Depuis des décennies, CSV « coupe et finit » des vêtements militaires ou des vêtements de protection avec l’Etat comme client. Depuis le 23 avril 2009, CSV est en redressement judiciaire et le tribunal de commerce doit statuer sur son cas le 8 juillet prochain. 170 emplois y sont menacés. Le 23 juin dernier, les salariés de CSV sont descendus dans la rue, aux cris de « non à la délocalisation ». Présent à la manifestation, le député PS du cru Jean Grellier a invoqué « la nécessité d’une nouvelle et nécessaire politique économique française mais surtout européenne ».
Service minimum donc et certainement pas de quoi galvaniser le moral de troupes désabusées. Ceci alors même que CSV jouit dans la mémoire collective, régionale et syndicale, d’une grande notoriété pour la combativité dont avait fait preuve ses ouvrières en 1973. Dans le sillage de mai 68 (et de précédents accords de Grenelle), une déléguée syndicale CFDT avait été mise à la porte pour avoir réclamé le 13e mois. L’inspection du travail avait refusé le licenciement et le conflit avait débouché sur une grève très dure (6 mois) au cours de laquelle les ouvrières s’étaient emparées de l’outil de production, fabriquant et écoulant leurs chemises rebaptisées « PIL » pour « populaires inventés localement » suivant l’exemple des travailleurs de LIP.
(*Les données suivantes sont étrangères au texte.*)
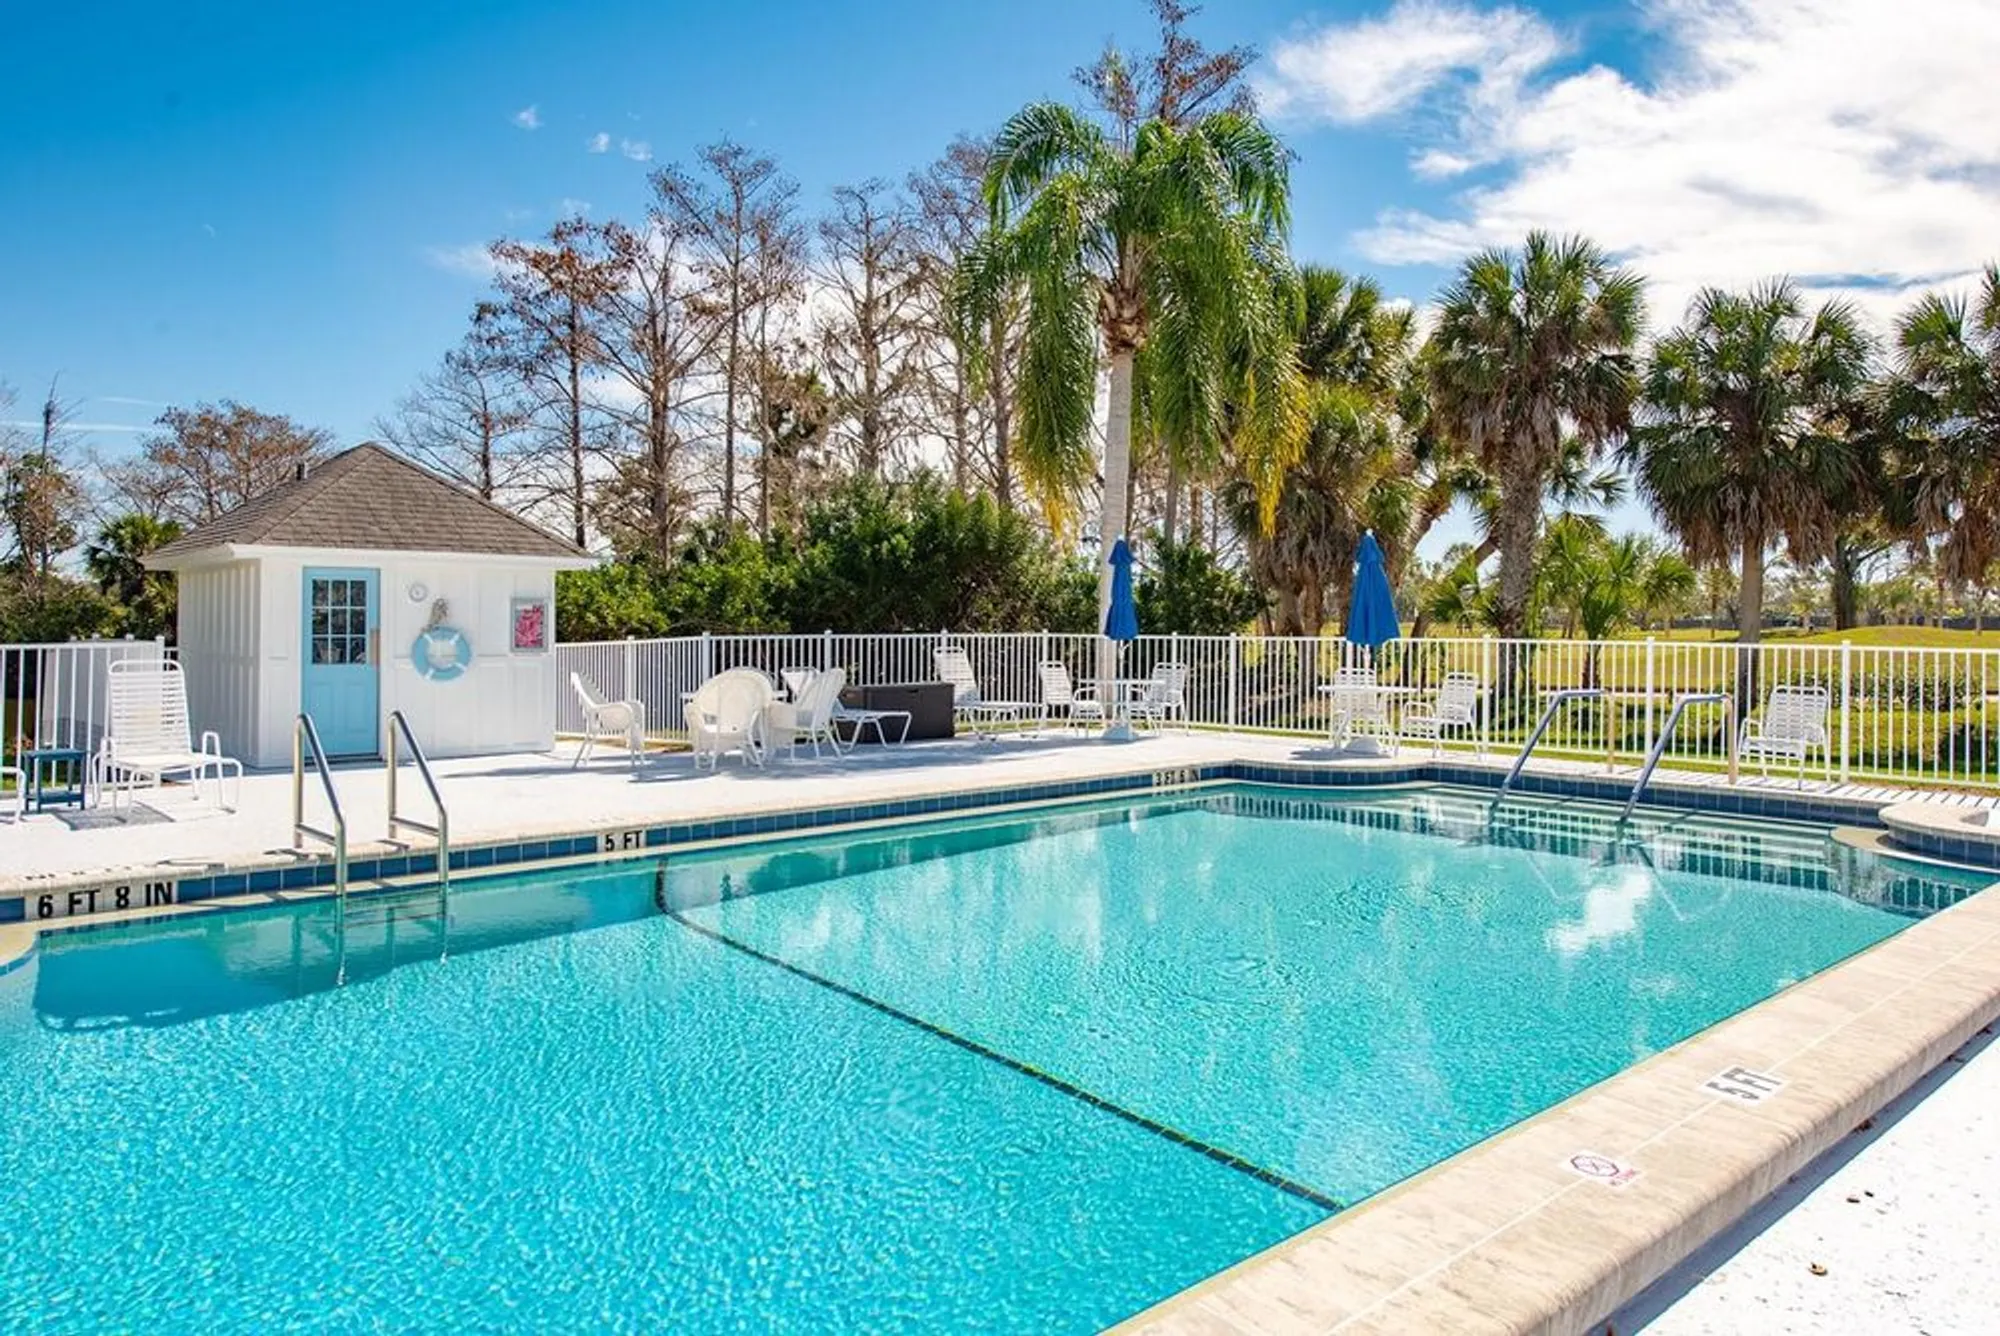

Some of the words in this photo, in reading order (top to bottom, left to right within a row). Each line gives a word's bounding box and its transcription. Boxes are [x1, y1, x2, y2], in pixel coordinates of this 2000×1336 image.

[605, 832, 615, 851] 5
[623, 830, 643, 849] FT
[38, 894, 54, 918] 6
[68, 889, 100, 915] FT
[115, 886, 130, 909] 8
[145, 882, 173, 906] IN
[1705, 1081, 1760, 1100] 5
[1721, 1067, 1783, 1092] FT
Les pouvoirs publics n’avaient toutefois rien lâché et obtenu la peau de la militante syndicale. Cette « grève productive » avait toutefois provoqué un vaste mouvement de solidarité dans la région auquel, dit -on, même l’évêque local s’était associé. Autant dire une autre époque ! C’est toutefois toujours le même patron Joël Cousseau qui se trouve à la tête de l’entreprise. Enfin officiellement.
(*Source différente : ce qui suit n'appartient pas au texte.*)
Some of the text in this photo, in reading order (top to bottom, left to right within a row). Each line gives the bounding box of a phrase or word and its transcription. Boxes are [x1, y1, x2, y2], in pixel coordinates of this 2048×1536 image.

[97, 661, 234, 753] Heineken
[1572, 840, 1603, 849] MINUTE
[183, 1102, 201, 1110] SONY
Selon la Nouvelle République, l’entreprise fait face depuis fin 2008 à « un manque de trésorerie à court terme, malgré un carnet de commande satisfaisant ». Une information confirmée par le secrétaire du comité d’entreprise Jacky Brémand qui, cité par La Nouvelle République, explique : « Notre plan de charge est plein jusqu’en décembre ». Un état des lieux encore corroboré par notre PDG Cousseau qui, selon des confidences recueillies par notre confère, aurait expliqué au maire de Cerizay la situation de l’entreprise par « un manque d’argent pour acheter de la matière première », avant d’ajouter : « pourtant, nous avons un carnet de commandes bien rempli. »
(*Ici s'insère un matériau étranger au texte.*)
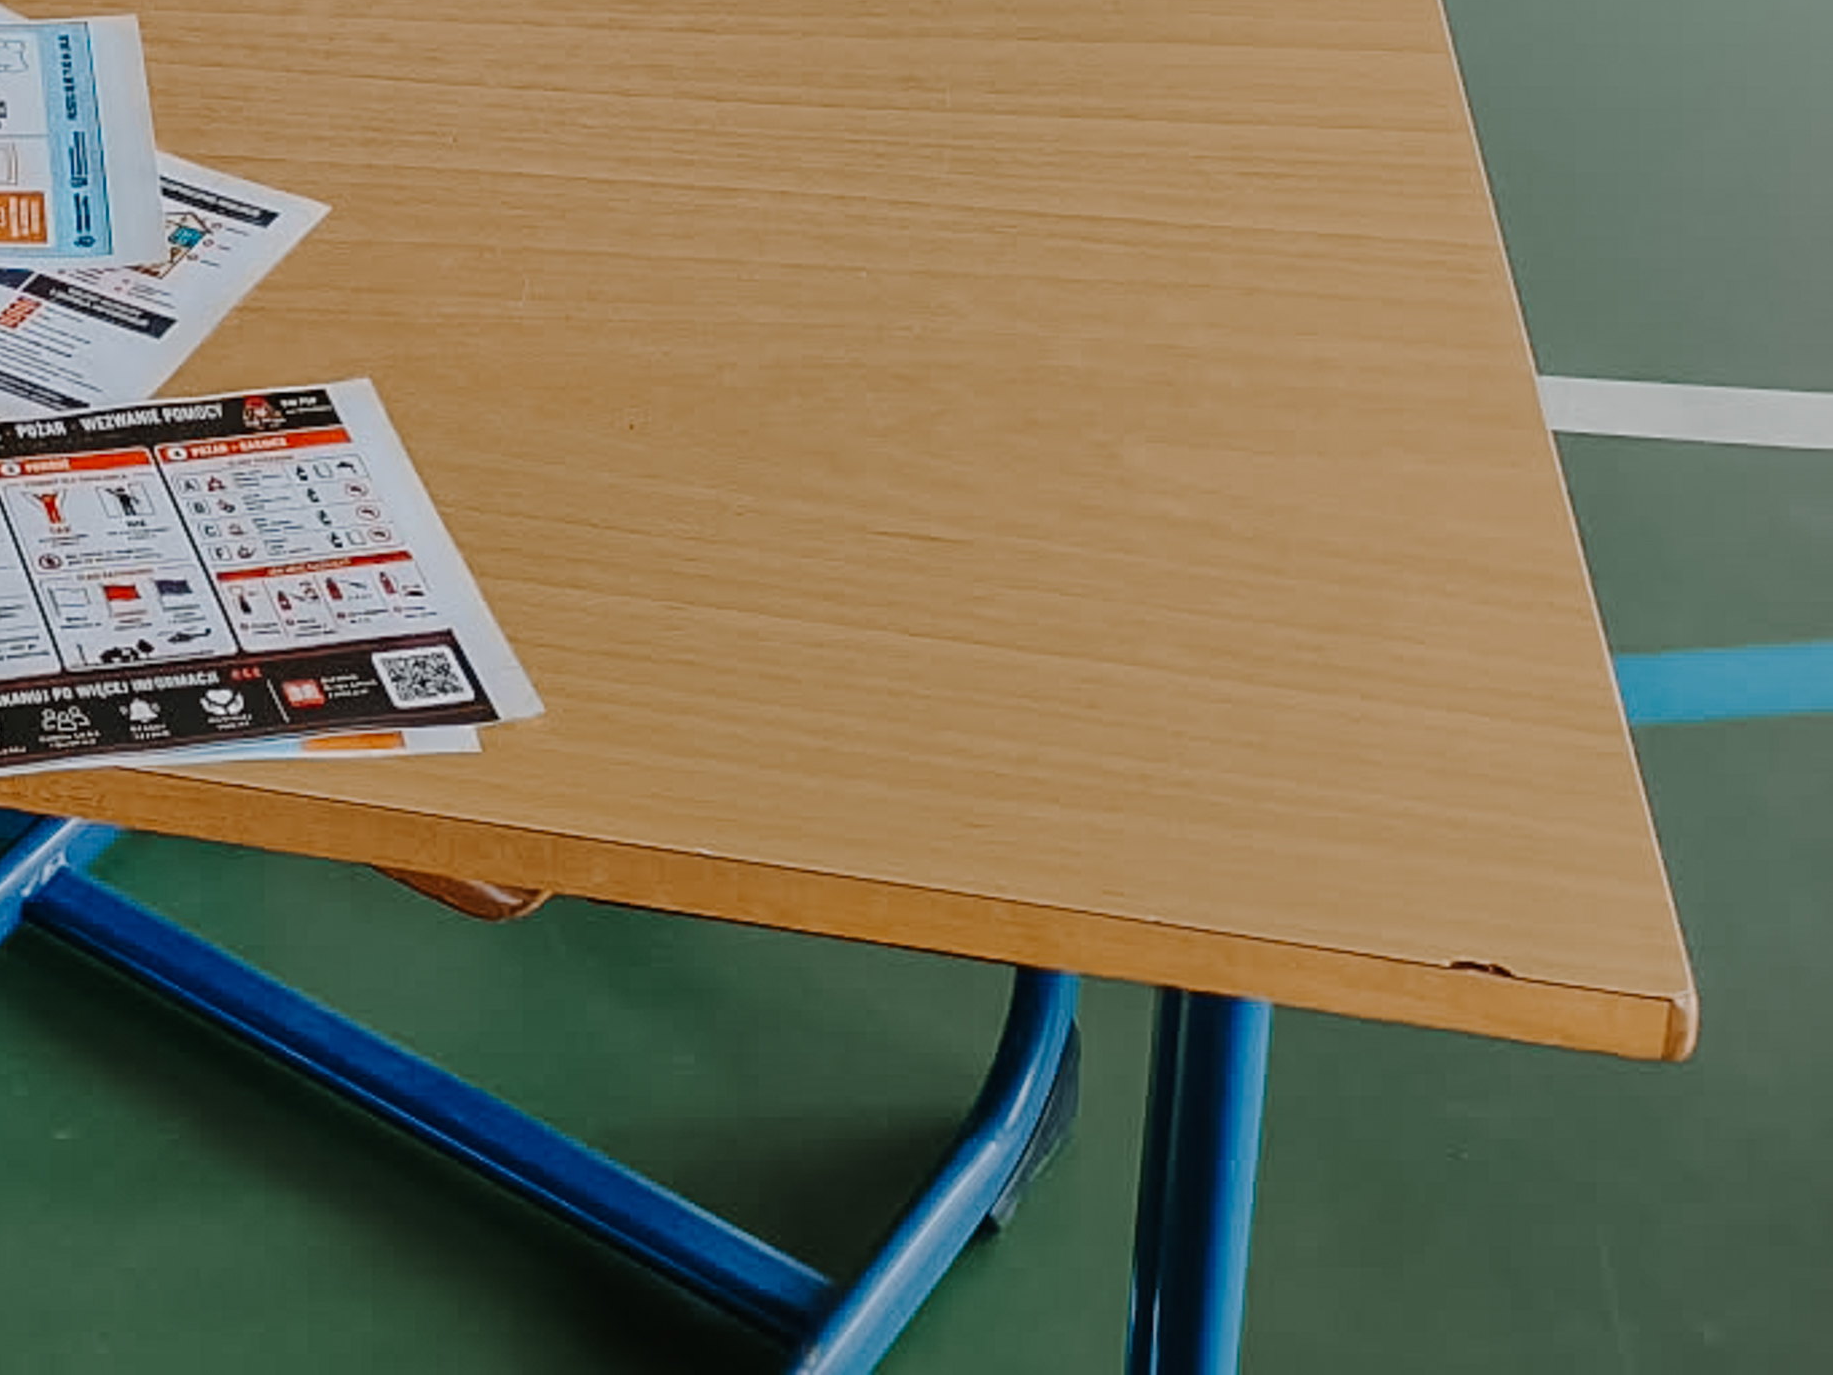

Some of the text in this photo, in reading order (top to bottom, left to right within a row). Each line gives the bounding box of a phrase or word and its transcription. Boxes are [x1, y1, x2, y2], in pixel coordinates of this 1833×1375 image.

Traduction ? CSV a des clients qui plus est solvables (le plus souvent des Etats), un savoir faire, l’activité économique est viable mais comme nombre de PME depuis la crise financière, l’entreprise est étranglée par les banques qui refusent d’assurer sa trésorerie. Faute de ce carburant indispensable, ses salariés sont condamnés à l’ANPE sans guère d’espoir de retrouver un emploi. A se demander ce que fabrique René Ricol, le fameux médiateur du crédit désigné par Sarkozy !
Mais la crise « mondiale » a aussi le dos particulièrement large. Elle est aussi parfois une belle occasion pour se débarrasser d’une main d’œuvre jugée trop onéreuse puis de délocaliser. En Asie par exemple.
CSV dispose ainsi d’une filiale CSVI. « I » comme international. Soit la filiale export qui habille les soldats de plusieurs armées étrangères et plus spécifiquement celle de nombreux Etats africains. Un marché dynamique, semble-t-il, puisque cette filiale affiche elle des bénéfices. Fin janvier 2009, quelques semaines avant la mise en redressement judiciaire de la maison mère, la filiale bénéficiaire - alors détenue à 99% par CSV - a fait l’objet d’une opportune augmentation de capital avec l’arrivée de nouveaux actionnaires. La part de CSV est brutalement diluée et tombe à 36 %. Parmi les entrants (27 %), on note l’irruption d’une « all Dragon Holdings LTD », un nom qui fleure bon l’empire du milieu et sa main d’œuvre low cost….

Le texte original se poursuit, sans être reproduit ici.